Associate Justice William Rehnquist authored the majority opinion for the Court, joined by Chief Justice Warren Burger and Associate Justices Potter Stewart, Harry Blackmun, and Lewis Powell. Rehnquist began by outlining the dual burden that rested on the plaintiffs in making a viable Fourteenth Amendment claim. First, Rehnquist wrote, the plaintiffs must show that they have been deprived of a right guaranteed by the Constitution. Second, they must show that Flagg Bros. denied them of that right while acting under the color of New York state law.

However, Rehnquist wrote, Brooks carried an additional burden because she was accusing Flagg Bros. of depriving her of property under the Fourteenth Amendment. The Fourteenth Amendment reads, in part, that "[no] State [shall] deprive any person of life, liberty, or property, without due process of law." (emphasis added) Thus, according to the Court's Fourteenth Amendment jurisprudence, Flagg Bros. taking of Brooks' property could only rise to the level of a federal constitutional violation if Flagg Bros. was a state actor, that is, performing a duty traditionally and exclusively performed by the state, and therefore attributable to the state.

Pointing out that Brooks had failed to name any governmental entity as a defendant, Rehnquist went on to argue that "very few" functions have been exclusively carried out by state governments. In American history, the settlement of disputes between debtors and creditors was not, in Rehnquist's view, a function performed exclusively by the state, as the parties typically retained other avenues of remedy.

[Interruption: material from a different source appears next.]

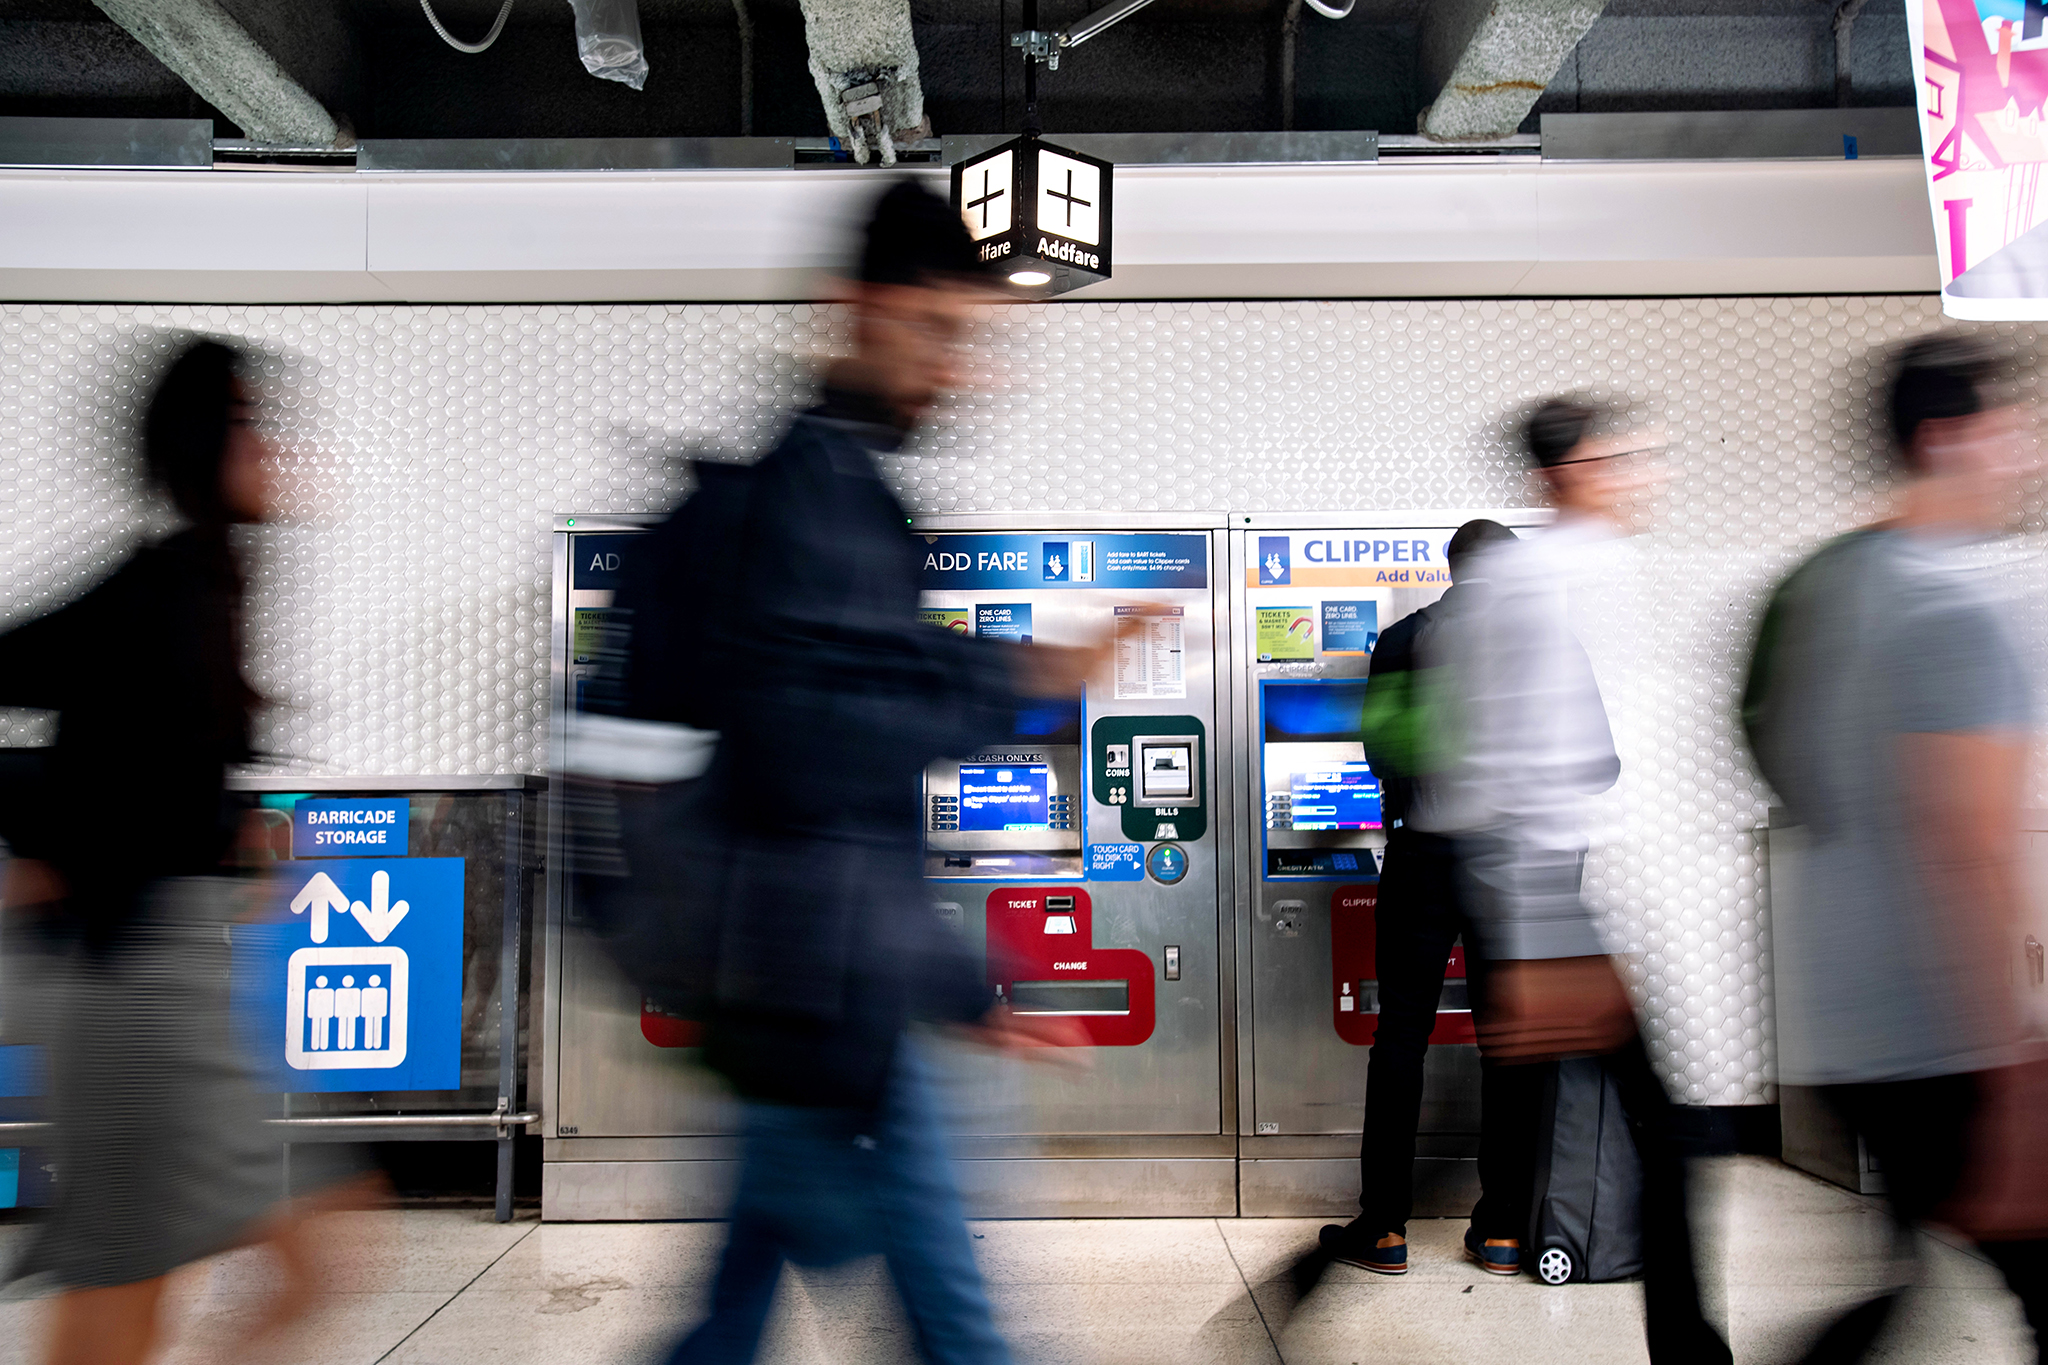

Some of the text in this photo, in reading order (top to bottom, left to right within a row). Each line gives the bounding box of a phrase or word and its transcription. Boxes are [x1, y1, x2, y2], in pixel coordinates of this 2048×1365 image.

To Brooks' contention that the state had directly authorized the re-sale of her possessions under the UCC, Rehnquist responded that the UCC merely embodied the state's decision not to involve itself in the debtor-lendor dispute. If the state had failed to pass any law related to the re-sale, there could be no contention that the state had acted in any way. Codification of the state's intent to not involve its courts in the re-sale of repossessed goods still equated to a refusal to act.

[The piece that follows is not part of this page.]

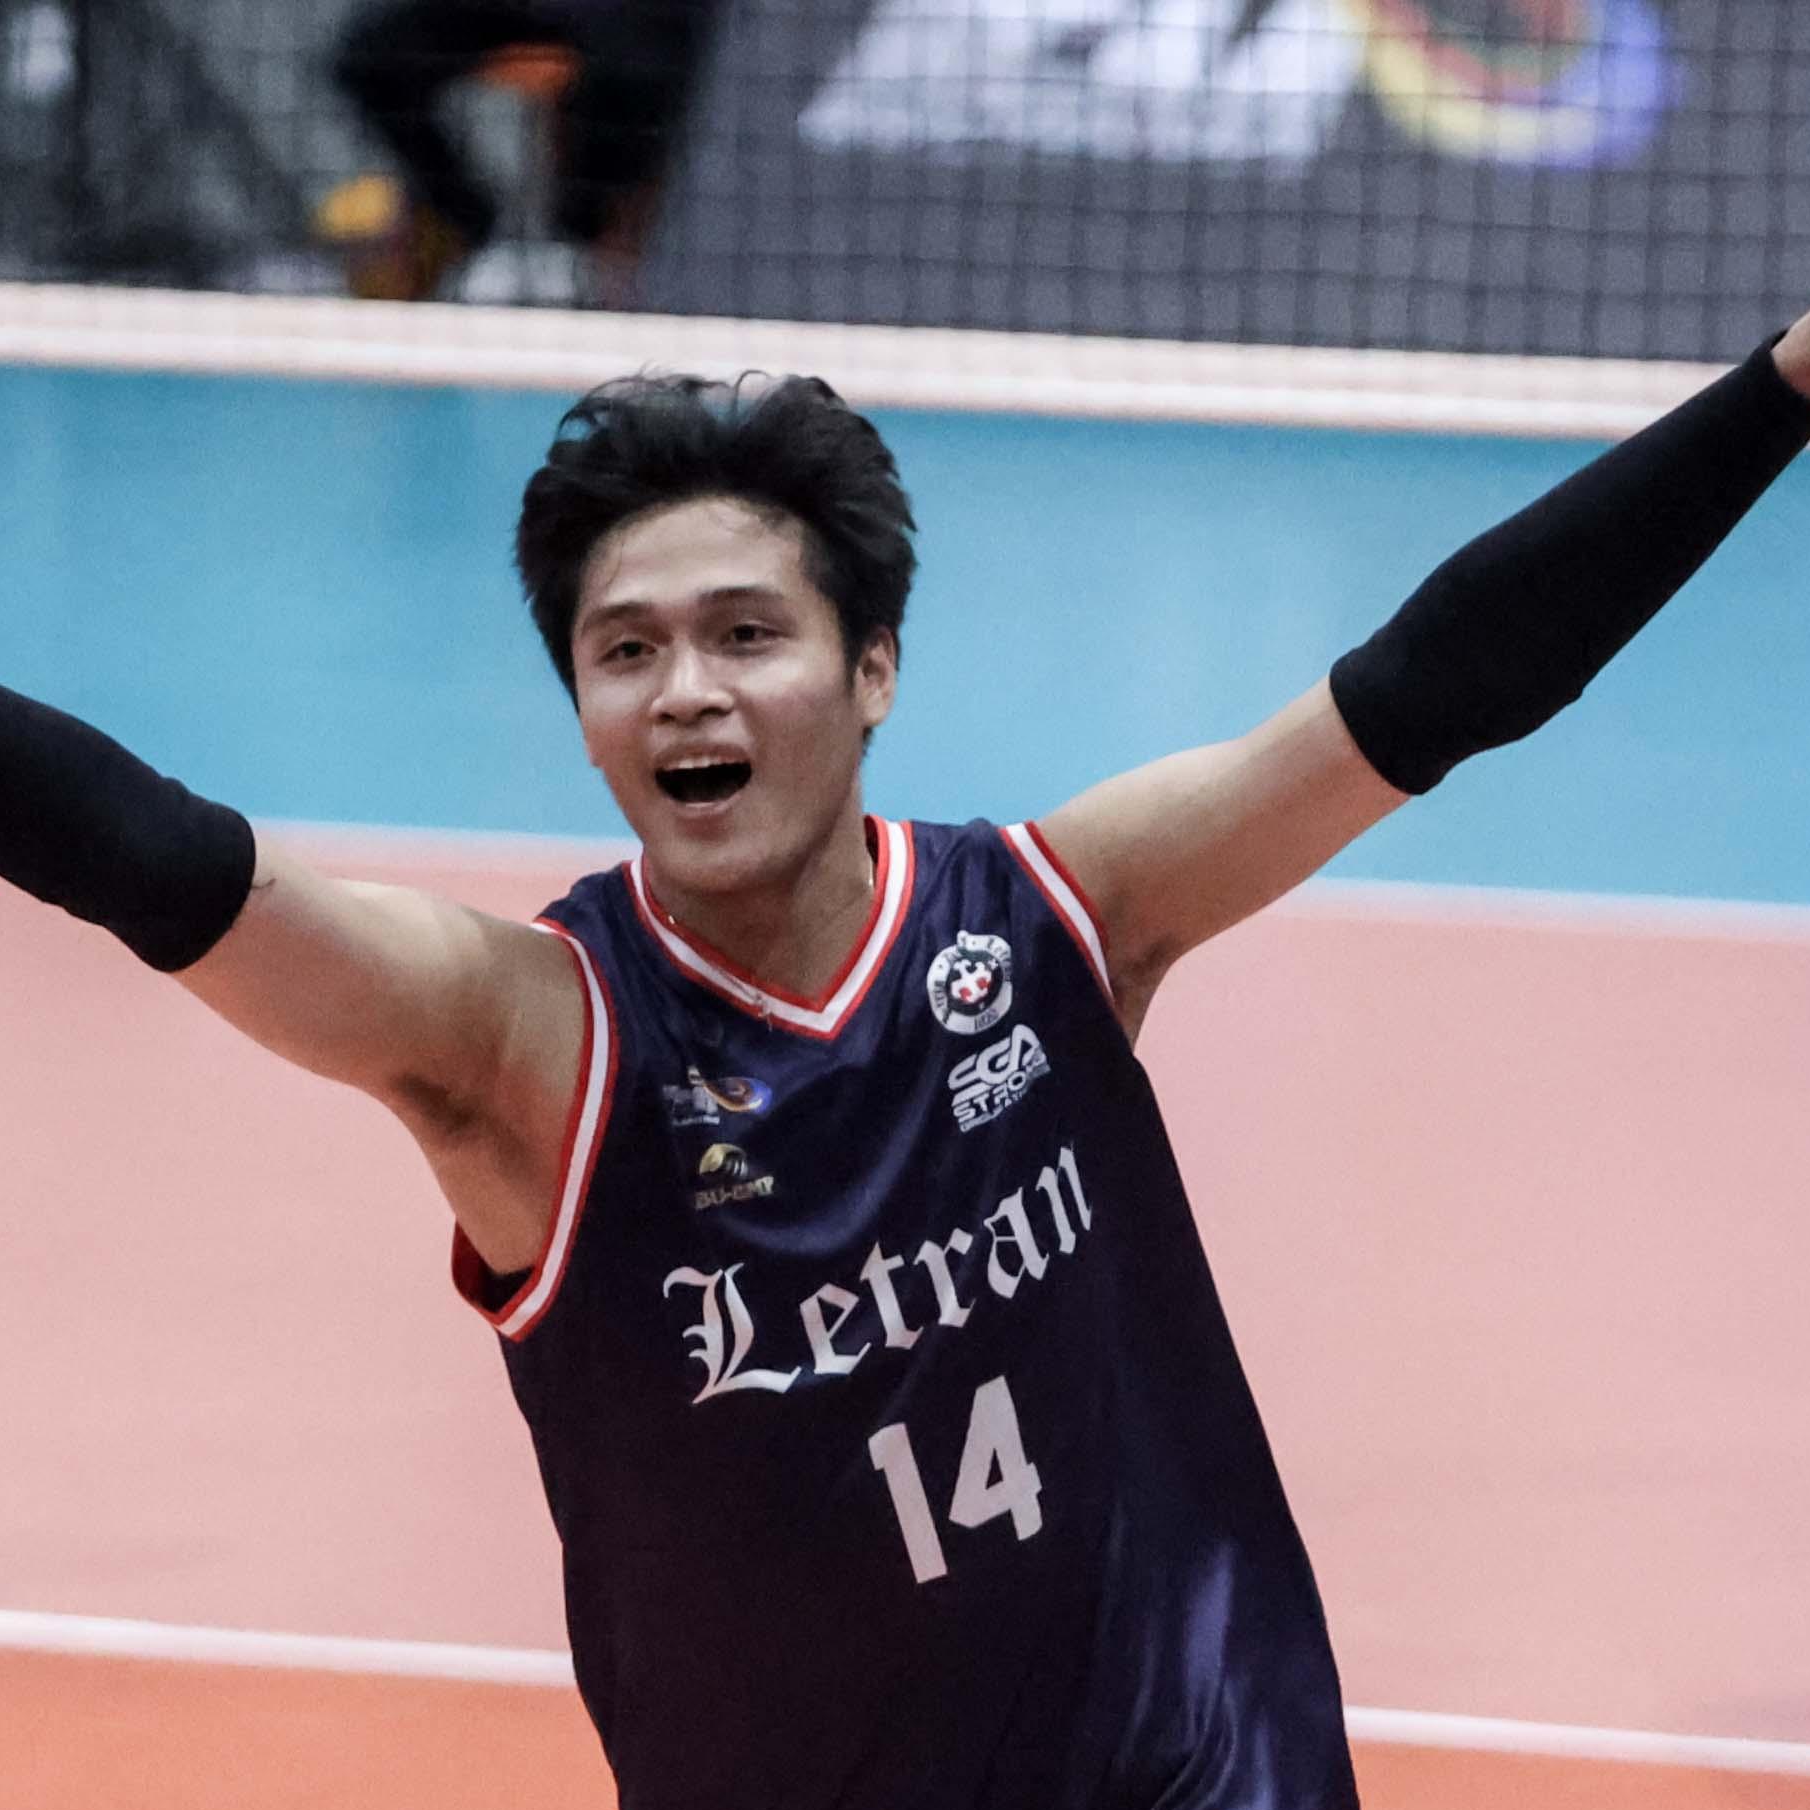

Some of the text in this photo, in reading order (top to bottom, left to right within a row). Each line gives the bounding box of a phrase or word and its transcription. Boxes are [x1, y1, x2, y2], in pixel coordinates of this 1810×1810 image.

=== Marshall's dissent ===

Associate Justice Thurgood Marshall authored a short dissenting opinion, emphasizing what he perceived as the Court's "attitude of callous indifference to the realities of life for the poor." Marshall observed that, according to the record before the Court, Brooks' takehome pay was $87 per week, and thus she would be unable to pay for the surety necessary, let alone the bill that she owed to the defendant. In Marshall's view, this meant that Brooks had no realistic remedy at state law. Further, Marshall argued that New York's state traditions led to the conclusion that the execution of liens was a state function, typically performed by the sheriff. Marshall also joined Justice Stevens' dissenting opinion.

=== Stevens' dissent ===

Associate Justice John Paul Stevens, joined by Associate Justices Marshall and Byron White, authored a dissent, arguing that the Court's decision was foreclosed by inconsistent prior caselaw including Sniadach v. Family Finance Corp. Stevens accused the Court of adopting an overly narrow definition of state action – arguing that under the Court's reasoning, a State could pass a law stating that it would authorize, for example, "any person of sufficient physical power" to seize and retain his neighbor's property.

Stevens noted the role of the state in defining and controlling the debtor-creditor relationship, seeing the state power in this case as the power to allow for a binding remedy against the wishes of one of the parties to the dispute.